● How to complete this task:
Once the pictures are removed, return each record below exactly as written.
Start of Block
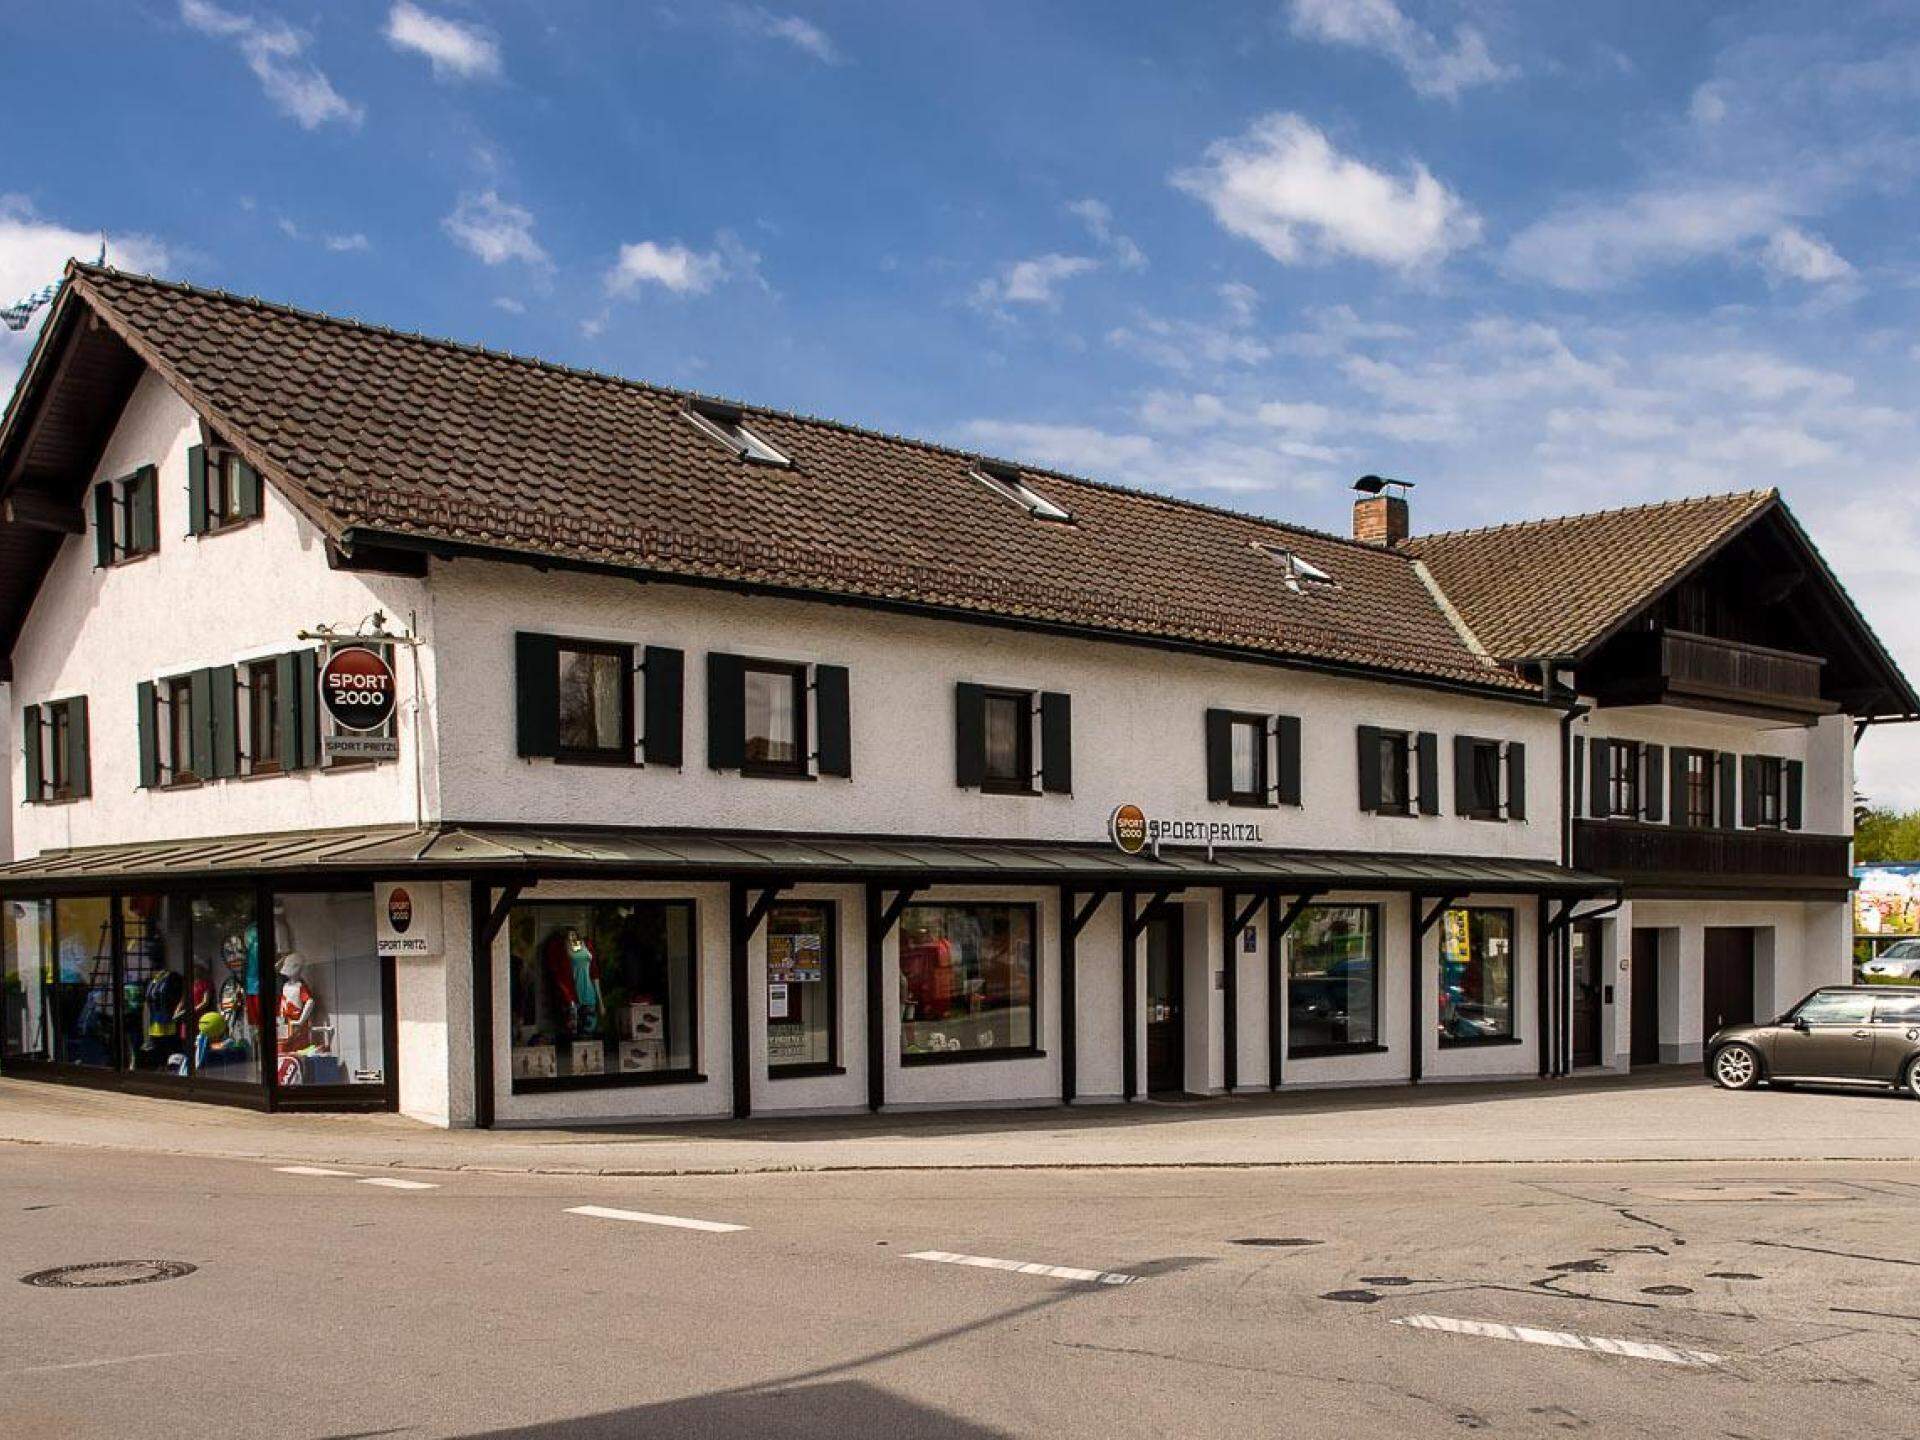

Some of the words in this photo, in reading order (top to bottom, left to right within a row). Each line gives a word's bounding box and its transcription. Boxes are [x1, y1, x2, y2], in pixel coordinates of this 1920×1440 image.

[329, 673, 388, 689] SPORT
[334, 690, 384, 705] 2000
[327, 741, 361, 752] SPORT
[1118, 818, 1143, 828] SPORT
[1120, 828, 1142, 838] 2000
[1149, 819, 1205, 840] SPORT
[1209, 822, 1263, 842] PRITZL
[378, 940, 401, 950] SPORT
End of Block
● Your solution:
Some of the words in this photo, in reading order (top to bottom, left to right within a row). Each line gives a word's bounding box and its transcription. Boxes are [x1, y1, x2, y2], in pixel coordinates of this 1920×1440 image.

[329, 673, 388, 689] SPORT
[334, 690, 384, 705] 2000
[327, 741, 361, 752] SPORT
[1118, 818, 1143, 828] SPORT
[1120, 828, 1142, 838] 2000
[1149, 819, 1205, 840] SPORT
[1209, 822, 1263, 842] PRITZL
[378, 940, 401, 950] SPORT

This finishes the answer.